Os dados da pesquisa foram analisados pela técnica de análise de conteúdo(6). Primeiramente organizaram-se as idéias iniciais obtidas em resposta aos questionamentos feitos aos enfermeiros entrevistados. Depós, passou-se para a exploração das informações, quando se chegou a três áreas temáticas: formação do enfermeiro, processos de trabalho da enfermagem e relações interpessoais, considerando a autonomia profissional do enfermeiro como tema central.

Foi utilizado o Termo de Consentimento Livre e Informado em duas vias, de acordo com a Resolução 196/96 do Conselho Nacional de Saúde, que aprova diretrizes e normas regulamentadoras de pesquisa envolvendo seres humanos(7).
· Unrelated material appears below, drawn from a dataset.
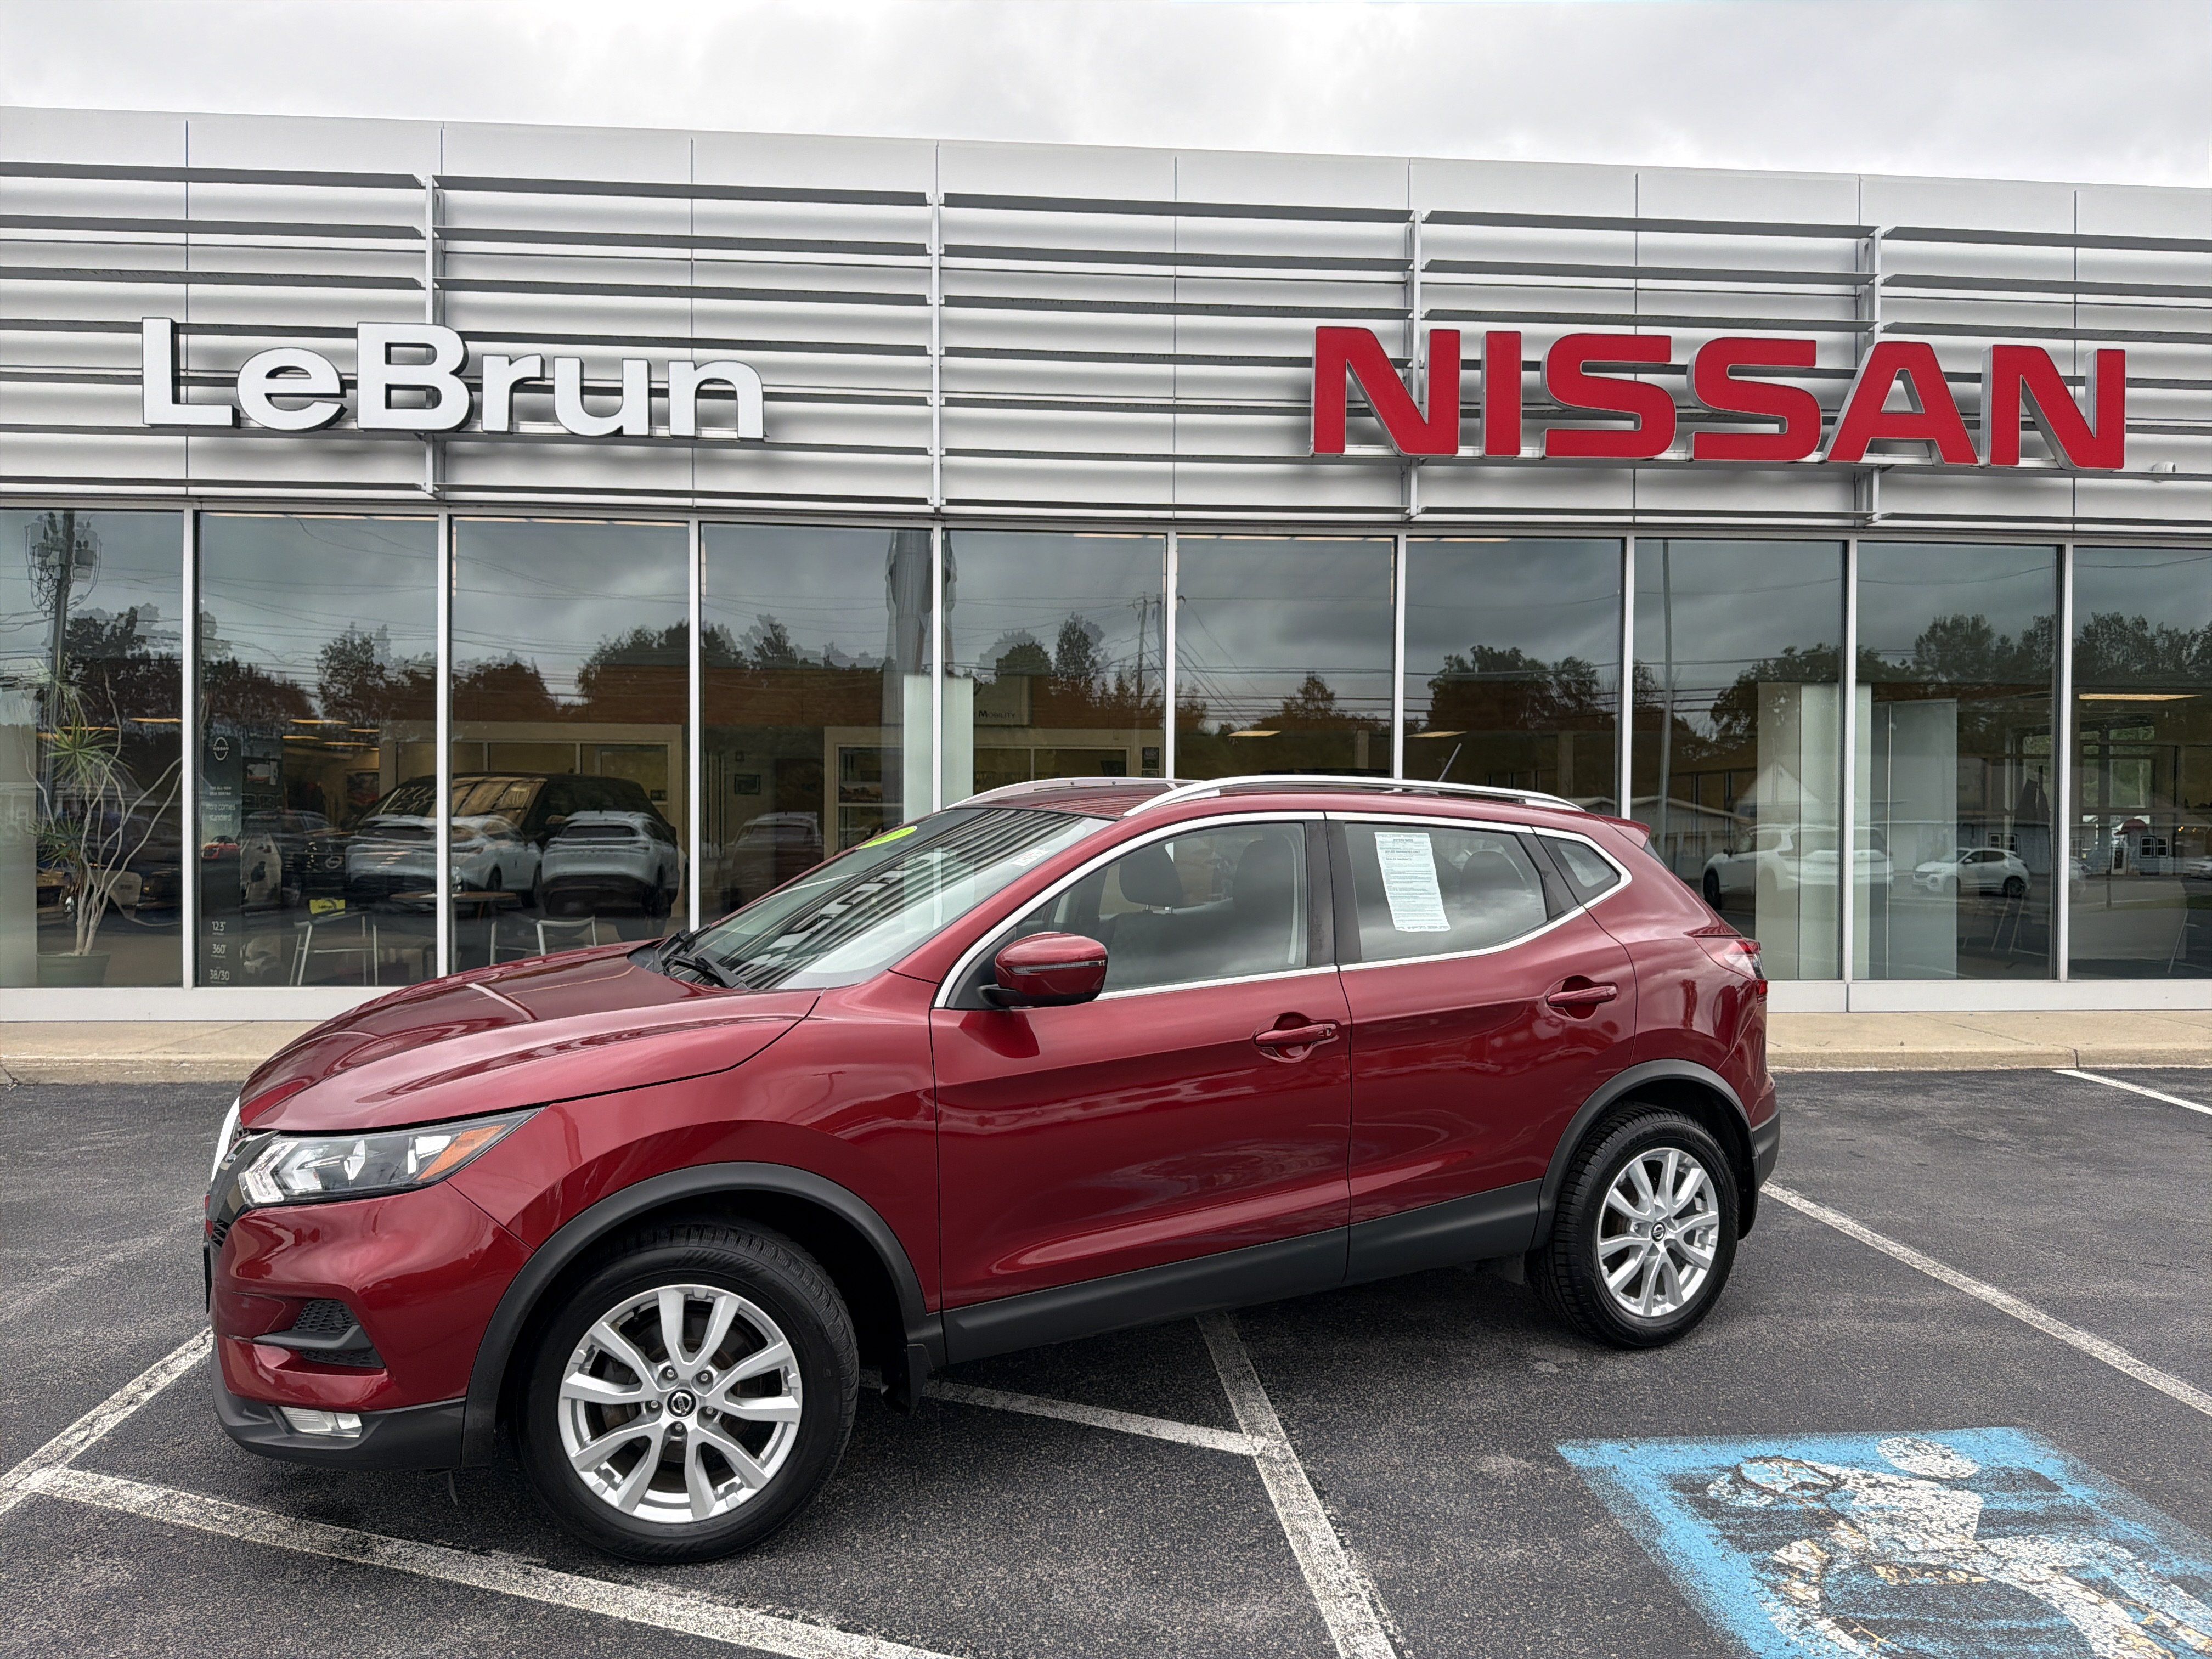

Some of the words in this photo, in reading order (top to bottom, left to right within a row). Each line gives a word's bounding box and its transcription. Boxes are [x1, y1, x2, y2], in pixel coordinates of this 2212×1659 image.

[142, 317, 765, 439] LeBrun
[1312, 326, 2126, 470] NISSAN
[210, 969, 230, 981] 38/30
Este estudo foi aprovado pelo Comitê de Ética em Pesquisa do Hospital de Pronto Socorro de Porto Alegre, que assumiu a análise do projeto à época por se tratar de um dos cenários de trabalho dos enfermeiros pesquisados da Secretaria Municipal de Saúde de Porto Alegre, parecer AC CP N. 008/2005, estando cadastrado no Sistema de Pesquisa da UFRGS sob o nº 10148.

Com o objetivo de manter o anonimato dos participantes, foi-lhes solicitado indicarem uma letra do alfabeto arábico de A a J para serem identificados no estudo.

ANÁLISE E DISCUSSÃO

Apreciar como enfermeiros percebem a sua autonomia no exercício profissional se constituiu em uma proposta na busca de informações e conhecimentos para a sua compreensão e valoração no mercado de trabalho contemporâneo.

Três importantes temáticas destacam-se no estudo: formação do enfermeiro, processos de trabalho da enfermagem e relações interpessoais; informações que decorreram em categorizações e que discutimos considerando a literatura existente na área, constituindo-se em um trabalho desafiador e que estimula à discussão, ao diálogo crítico e critizador.

A primeira, formação do enfermeiro, trouxe informações imbuídas de uma consciência crítica dos enfermeiros acerca do seu saber e do processo educativo e de formação da enfermagem, analisando a si enquanto exercendo, ou não, a autonomia nos cenários em que atuam. Que o acesso ao conhecimento é primordial para que o enfermeiro tome consciência de si e reflita sobre as suas ações para melhor lidar com decisões e escolhas no exercício da profissão.

Experiências vividas na graduação e no exercício profissional reforçam a necessidade de uma atuação que articula teoria e prática:

A boa formação depende em parte da instituição de ensino em que se estudou e em parte do próprio jeito de ser e de fazer (Participante D).

A formação em enfermagem leva o enfermeiro a perceber o ser humano em sua totalidade, seu modo de vida e suas necessidades. Isso, quando colocado em prática, permite contribuir significativamente no cuidado das pessoas (Participante J).

A apreensão de elementos expressivos desenvolvidos e nutridos no itinerário profissional, quando acompanhados da carência de conhecimento e postura autônoma por parte do enfermeiro, torna evidente que a dificuldade em assumir o seu papel na tomada de decisão dá-se pela desarticulação entre o que ele aprendeu e o que de fato ele faz.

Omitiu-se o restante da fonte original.